The Albany Times Union reports that agent Martha Ivery, who also ran a sham self-publishing company, has admitted to defrauding scores of aspiring authors out of tens of thousands of dollars.
Ivery admitted guilt to 15 counts of mail fraud in connection with taking money
from would-be authors. She also pleaded guilty to one count of credit card fraud
and one count of bankruptcy fraud, all felonies, in U.S. District Court in
Ivery, 57, has not been offered a plea bargain. She faces up to 20 years in
prison on the mail fraud charges, 10 years on the credit card charge, and five
years on the bankruptcy charge. Ivery also could be fined as much as $250,000.
"There would be no defense on this case and it would be prudent on her part
to change her plea," said Ivery’s attorney, Richard Mott of Albany. "She
realizes the proof would be overwhelming … she wishes to demonstrate to the
court she has full contrition."
Assistant U.S. Attorney Tom Capezza said he also was looking for restitution.
Prosecutors say she took as much as $700,000 from 200 writers.
Ivery defrauded prospective authors from 1997 to 2002, prosecutors said. She
presented two different identities: publisher of Press-TIGE Publishing Co., and
Kelly O’Donnell Literary Agency Inc.
After hooking authors by advertising in Writer’s Digest magazine and on the
Internet, the O’Donnell agency represented the authors and led them to the
publishing company.

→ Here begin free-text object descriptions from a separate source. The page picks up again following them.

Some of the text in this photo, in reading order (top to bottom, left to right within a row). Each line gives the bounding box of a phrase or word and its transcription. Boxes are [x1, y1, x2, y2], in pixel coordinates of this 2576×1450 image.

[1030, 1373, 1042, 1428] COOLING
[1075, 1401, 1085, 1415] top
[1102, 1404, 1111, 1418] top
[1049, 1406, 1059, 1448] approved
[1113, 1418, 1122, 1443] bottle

Fee requests kept coming, but books were rarely published.
Ivery’s company filed for Chapter 7 bankruptcy liquidation in 2002, but she
then created another business, New Millennium Publishing House Inc. She is
scheduled for sentencing April 28.
A.C. Crispin, a science fiction writer who works with the scam-busting site
www.writerbeware.com, said the organization started watching Ivery six years
"This case, unlike the other ones we followed, really got personal," said
Crispin, a Maryland author. "She made death threats to us, and stalked us
online. I plan to go to the sentencing."
Author AC Crispin and all the others at WritersBeware should be congratulated for the wonderful work they do on behalf of writers everywhere. It takes guts to be as unrelentingly vigilant as they are ferreting out publishing scams — and without the recognition and appreciation they deserve for their volunteer efforts.

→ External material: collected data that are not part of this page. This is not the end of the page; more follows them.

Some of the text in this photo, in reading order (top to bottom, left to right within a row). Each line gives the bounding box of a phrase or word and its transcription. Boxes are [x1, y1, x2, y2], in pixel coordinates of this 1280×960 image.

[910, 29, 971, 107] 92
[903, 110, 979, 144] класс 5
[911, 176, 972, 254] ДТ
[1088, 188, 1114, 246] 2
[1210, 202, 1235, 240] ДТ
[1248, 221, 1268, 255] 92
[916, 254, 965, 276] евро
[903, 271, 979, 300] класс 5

Let’s hope this case serves as a warning to the publishing scammers who seem to be all over the Internet these days, taking advantage of the deseperation and gullibility of aspiring authors.
Here’s are three simple ways to avoid being suckered by a publishing scam:
Never pay to be published.
Never pay an agent (they make their money by taking a commission from your sales).
Never pay a reading fee.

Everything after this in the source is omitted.